> TO DO
Write out each record exactly and skip every image.

Stored items
-=-=-=-=-

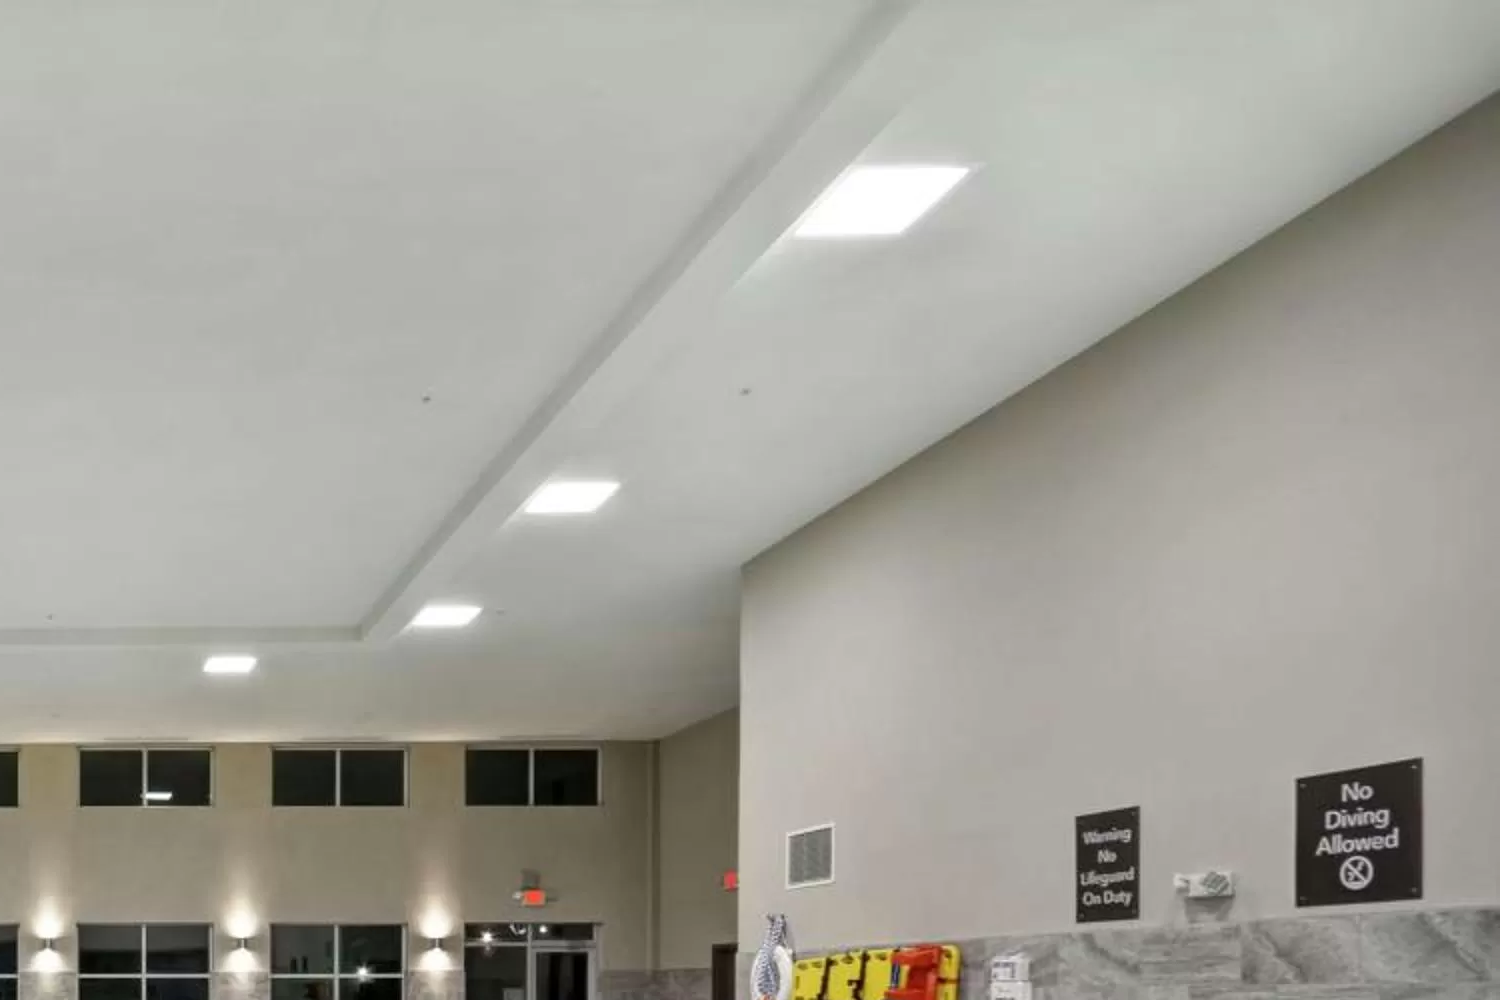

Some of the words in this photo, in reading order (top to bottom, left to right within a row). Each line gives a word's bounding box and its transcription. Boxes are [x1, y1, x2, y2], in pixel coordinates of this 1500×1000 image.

[1341, 782, 1374, 803] No
[1324, 807, 1390, 830] Diving
[1083, 827, 1132, 845] Warning
[1315, 826, 1399, 856] Allowed
[1098, 849, 1117, 864] No
[1081, 866, 1135, 887] Lifeguard
[1083, 891, 1102, 906] On
[1103, 889, 1132, 907] Duty

-=-=-=-=-

> ANSWER BOX
Some of the words in this photo, in reading order (top to bottom, left to right within a row). Each line gives a word's bounding box and its transcription. Boxes are [x1, y1, x2, y2], in pixel coordinates of this 1500×1000 image.

[1341, 782, 1374, 803] No
[1324, 807, 1390, 830] Diving
[1083, 827, 1132, 845] Warning
[1315, 826, 1399, 856] Allowed
[1098, 849, 1117, 864] No
[1081, 866, 1135, 887] Lifeguard
[1083, 891, 1102, 906] On
[1103, 889, 1132, 907] Duty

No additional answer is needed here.